(Recorded data)
+++
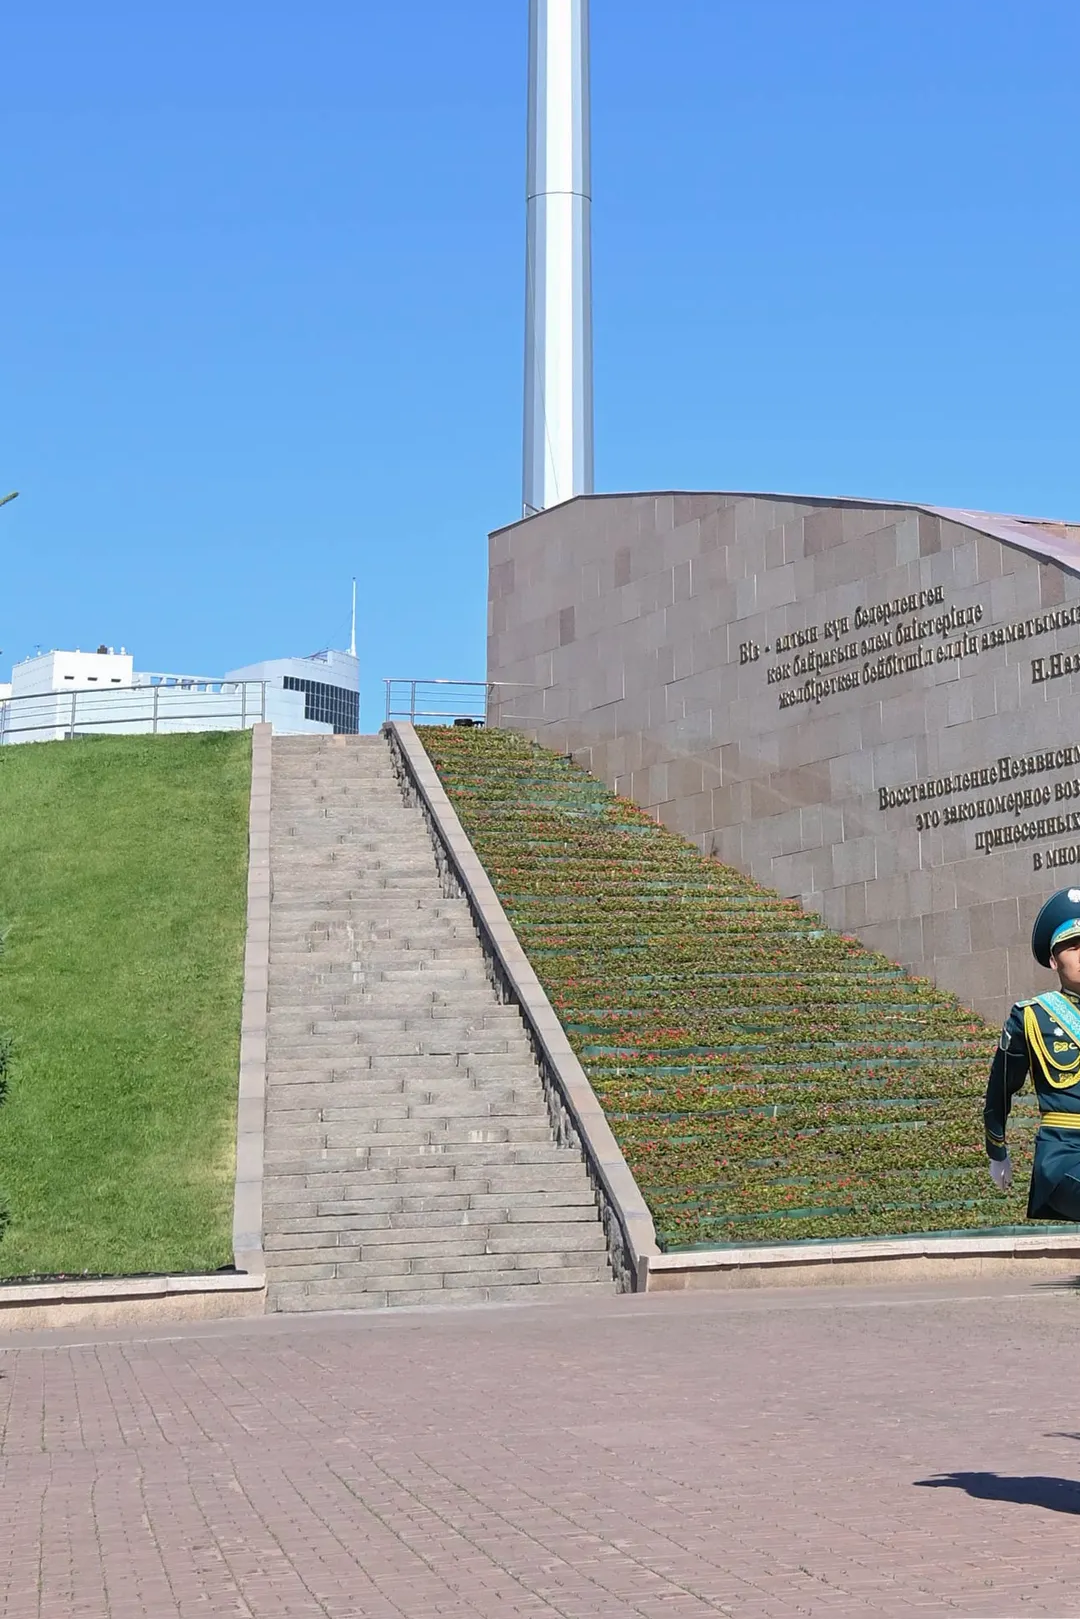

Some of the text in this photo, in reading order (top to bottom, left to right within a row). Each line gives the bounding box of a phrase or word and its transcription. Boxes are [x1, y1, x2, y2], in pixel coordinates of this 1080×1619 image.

[739, 640, 761, 665] Біз
[776, 625, 819, 654] алтын
[823, 616, 850, 641] күн
[793, 641, 859, 676] байрағын
[861, 629, 893, 657] әлем
[895, 603, 983, 646] биіктерінде
[778, 670, 861, 710] желбіреткен
[862, 644, 935, 685] бейбітшіл
[936, 631, 980, 663] елдің
[878, 767, 998, 811] Восстановление
[916, 810, 940, 832] это
[943, 785, 1051, 826] закономерное
[975, 811, 1080, 855] принесенных
[1033, 851, 1043, 871] в
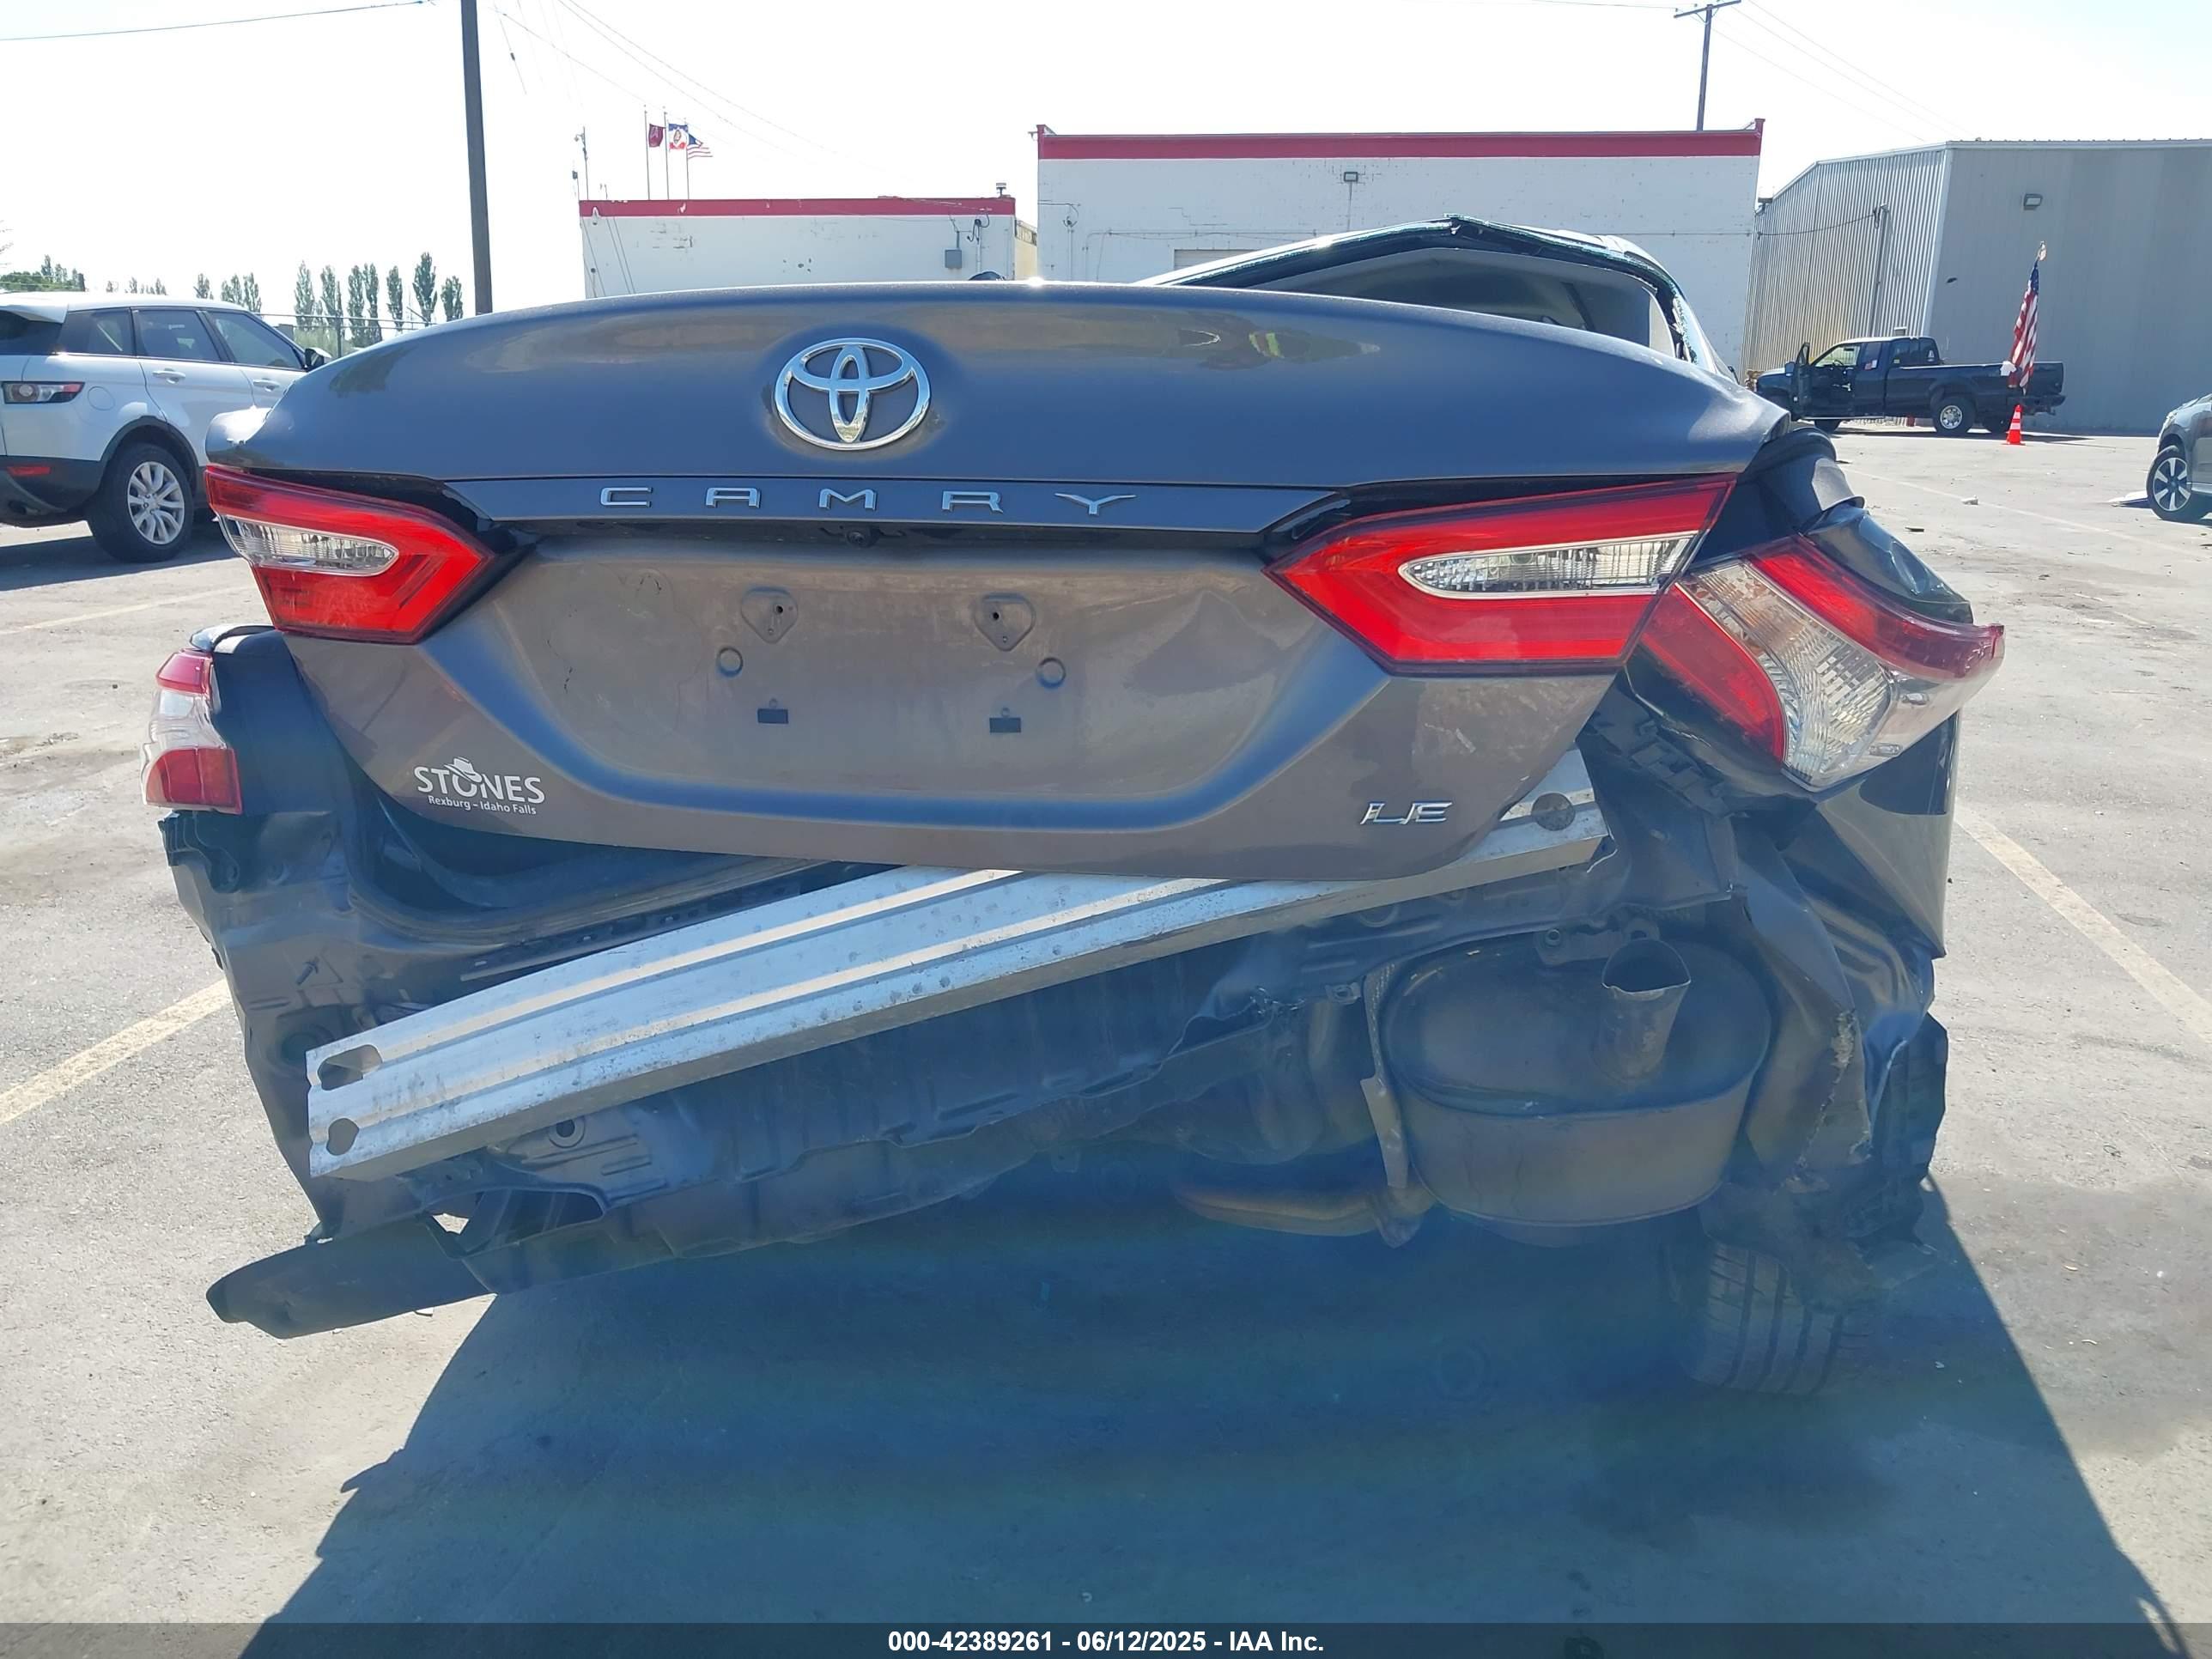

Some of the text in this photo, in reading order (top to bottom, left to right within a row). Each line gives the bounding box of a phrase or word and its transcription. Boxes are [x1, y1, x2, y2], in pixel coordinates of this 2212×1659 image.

[600, 486, 1138, 515] CAMRY
[414, 766, 545, 804] STONES
[428, 795, 471, 811] Rexburg
[480, 800, 510, 812] Idaho
[513, 804, 537, 815] Falls
[1359, 802, 1453, 825] LE
+++
§ **Your goal**
What do the lines from the one with "this 2212×1659 image." through the last line of the entries say? Print them word for word, both ends included, and nothing else.

§ **Result of the task**
Some of the text in this photo, in reading order (top to bottom, left to right within a row). Each line gives the bounding box of a phrase or word and its transcription. Boxes are [x1, y1, x2, y2], in pixel coordinates of this 2212×1659 image.

[600, 486, 1138, 515] CAMRY
[414, 766, 545, 804] STONES
[428, 795, 471, 811] Rexburg
[480, 800, 510, 812] Idaho
[513, 804, 537, 815] Falls
[1359, 802, 1453, 825] LE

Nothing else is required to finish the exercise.